But she did and, even more surprisingly, it's not contending for that Christmas number one slot as their first release on Fontana.
"They've heard it," Simon continues. "The A&R guy there apparently said, 'Christmas number one - it's gotta be released!' But, y'know, Lincoln (Fong Moose man and engineer) came up with the most obvious reason against it: How would you like a cover of 'Frosty The Snowman' to go down as the biggest hit you've ever had?"

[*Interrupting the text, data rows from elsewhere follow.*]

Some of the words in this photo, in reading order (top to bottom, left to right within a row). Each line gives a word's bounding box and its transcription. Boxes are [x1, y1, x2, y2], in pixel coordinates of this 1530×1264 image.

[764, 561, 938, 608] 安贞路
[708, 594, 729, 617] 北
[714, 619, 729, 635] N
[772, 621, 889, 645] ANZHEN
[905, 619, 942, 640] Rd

WE'RE in the Cocteaus' studio and redecorated is putting it lightly. The previous owner, Pete Townshend, had it decked out in '70s browns with a lot of hessian. The Cocteaus have gone for red walls, yellow walls, simple fittings, expensive radiators and oak. Oak cupboards, cabinets and tables - all very oak and all very tasteful. Simon's gone off into the control room to programme some drums, or launch the next lunar shuttle (it's hard to say). NASA would be envious of the Cocteaus' floor-to-ceiling flashing lights. Liz Frazer is making tea in the recreation room: wall-to-wall windows covered in stretched white fabric, more tailormade oak furniture, simple chrome fittings, lighting and radiators as art installations and a TV with a Super Nintendo games module hooked up to it.
"That's why we haven't had a record out in so long," says Liz, pointing at Super Mario waddling across the screen.
"Robin can't leave it alone."
I'd pre-warned them that I wanted to go over their history a little - asked if they could think of a few memorable moments from their career. Liz is apologetic.
"Oh no, sorry - we haven't thought about it at all. I can t really remember that much of it."
THE Cocteau Twins were, in the first place, Robin Guthrie and bassist Will Heggie. It started in Grangemouth, a small town near Falkirk on the east coast of Scotland. There's an oil refinery in Grangemouth and not much else. But in the late '70s, Robin was the DJ on punk nights in a local club.
Liz is nervously playing with a drinks mat on the table.
"I was going there for about a year before I started talking to him. Then I got pissed one night around Christmas time and started procrastinating (sic). He was nice because he was really shy, really introvert. He was in a band that did cover versions of Stooges songs, then he left that and ended up in a band with Will. Then they left that band together, got a drum machine, and started up the Cocs.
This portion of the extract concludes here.